— Your goal —
Transcribe the records in full, keeping every character as it is.
____________
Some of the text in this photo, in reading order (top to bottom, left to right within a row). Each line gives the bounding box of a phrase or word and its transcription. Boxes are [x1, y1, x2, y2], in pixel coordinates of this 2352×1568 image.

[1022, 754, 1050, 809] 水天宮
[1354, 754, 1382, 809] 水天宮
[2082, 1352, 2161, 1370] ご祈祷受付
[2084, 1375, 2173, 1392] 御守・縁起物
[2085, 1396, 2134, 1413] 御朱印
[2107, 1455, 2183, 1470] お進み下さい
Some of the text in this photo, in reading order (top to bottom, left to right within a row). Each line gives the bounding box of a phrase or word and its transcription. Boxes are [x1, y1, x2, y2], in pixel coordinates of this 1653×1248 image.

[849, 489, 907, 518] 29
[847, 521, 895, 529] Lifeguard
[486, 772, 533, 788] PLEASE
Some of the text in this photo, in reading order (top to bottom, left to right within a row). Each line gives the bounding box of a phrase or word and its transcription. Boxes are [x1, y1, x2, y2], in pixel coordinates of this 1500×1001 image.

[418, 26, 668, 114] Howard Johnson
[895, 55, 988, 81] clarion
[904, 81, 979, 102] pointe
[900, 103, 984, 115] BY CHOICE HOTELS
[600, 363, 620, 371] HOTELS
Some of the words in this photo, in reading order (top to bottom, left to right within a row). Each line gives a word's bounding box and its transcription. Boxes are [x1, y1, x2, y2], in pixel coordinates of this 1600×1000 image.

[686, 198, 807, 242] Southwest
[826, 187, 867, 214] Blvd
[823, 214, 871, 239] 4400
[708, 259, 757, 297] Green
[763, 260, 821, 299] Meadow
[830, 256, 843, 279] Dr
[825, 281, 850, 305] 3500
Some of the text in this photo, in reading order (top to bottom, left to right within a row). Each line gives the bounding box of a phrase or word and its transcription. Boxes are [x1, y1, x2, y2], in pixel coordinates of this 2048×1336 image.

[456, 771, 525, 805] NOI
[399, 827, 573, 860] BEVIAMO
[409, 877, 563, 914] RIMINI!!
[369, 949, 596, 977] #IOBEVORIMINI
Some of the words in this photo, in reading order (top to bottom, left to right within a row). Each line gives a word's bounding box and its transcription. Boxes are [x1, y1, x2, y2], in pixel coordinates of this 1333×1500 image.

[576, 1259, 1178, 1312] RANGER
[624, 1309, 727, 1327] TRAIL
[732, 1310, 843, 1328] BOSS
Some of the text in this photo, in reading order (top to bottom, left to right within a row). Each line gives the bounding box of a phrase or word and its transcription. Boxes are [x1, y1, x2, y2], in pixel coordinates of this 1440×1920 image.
____________
— Written reply —
Some of the text in this photo, in reading order (top to bottom, left to right within a row). Each line gives the bounding box of a phrase or word and its transcription. Boxes are [x1, y1, x2, y2], in pixel coordinates of this 2352×1568 image.

[1022, 754, 1050, 809] 水天宮
[1354, 754, 1382, 809] 水天宮
[2082, 1352, 2161, 1370] ご祈祷受付
[2084, 1375, 2173, 1392] 御守・縁起物
[2085, 1396, 2134, 1413] 御朱印
[2107, 1455, 2183, 1470] お進み下さい
Some of the text in this photo, in reading order (top to bottom, left to right within a row). Each line gives the bounding box of a phrase or word and its transcription. Boxes are [x1, y1, x2, y2], in pixel coordinates of this 1653×1248 image.

[849, 489, 907, 518] 29
[847, 521, 895, 529] Lifeguard
[486, 772, 533, 788] PLEASE
Some of the text in this photo, in reading order (top to bottom, left to right within a row). Each line gives the bounding box of a phrase or word and its transcription. Boxes are [x1, y1, x2, y2], in pixel coordinates of this 1500×1001 image.

[418, 26, 668, 114] Howard Johnson
[895, 55, 988, 81] clarion
[904, 81, 979, 102] pointe
[900, 103, 984, 115] BY CHOICE HOTELS
[600, 363, 620, 371] HOTELS
Some of the words in this photo, in reading order (top to bottom, left to right within a row). Each line gives a word's bounding box and its transcription. Boxes are [x1, y1, x2, y2], in pixel coordinates of this 1600×1000 image.

[686, 198, 807, 242] Southwest
[826, 187, 867, 214] Blvd
[823, 214, 871, 239] 4400
[708, 259, 757, 297] Green
[763, 260, 821, 299] Meadow
[830, 256, 843, 279] Dr
[825, 281, 850, 305] 3500
Some of the text in this photo, in reading order (top to bottom, left to right within a row). Each line gives the bounding box of a phrase or word and its transcription. Boxes are [x1, y1, x2, y2], in pixel coordinates of this 2048×1336 image.

[456, 771, 525, 805] NOI
[399, 827, 573, 860] BEVIAMO
[409, 877, 563, 914] RIMINI!!
[369, 949, 596, 977] #IOBEVORIMINI
Some of the words in this photo, in reading order (top to bottom, left to right within a row). Each line gives a word's bounding box and its transcription. Boxes are [x1, y1, x2, y2], in pixel coordinates of this 1333×1500 image.

[576, 1259, 1178, 1312] RANGER
[624, 1309, 727, 1327] TRAIL
[732, 1310, 843, 1328] BOSS
Some of the text in this photo, in reading order (top to bottom, left to right within a row). Each line gives the bounding box of a phrase or word and its transcription. Boxes are [x1, y1, x2, y2], in pixel coordinates of this 1440×1920 image.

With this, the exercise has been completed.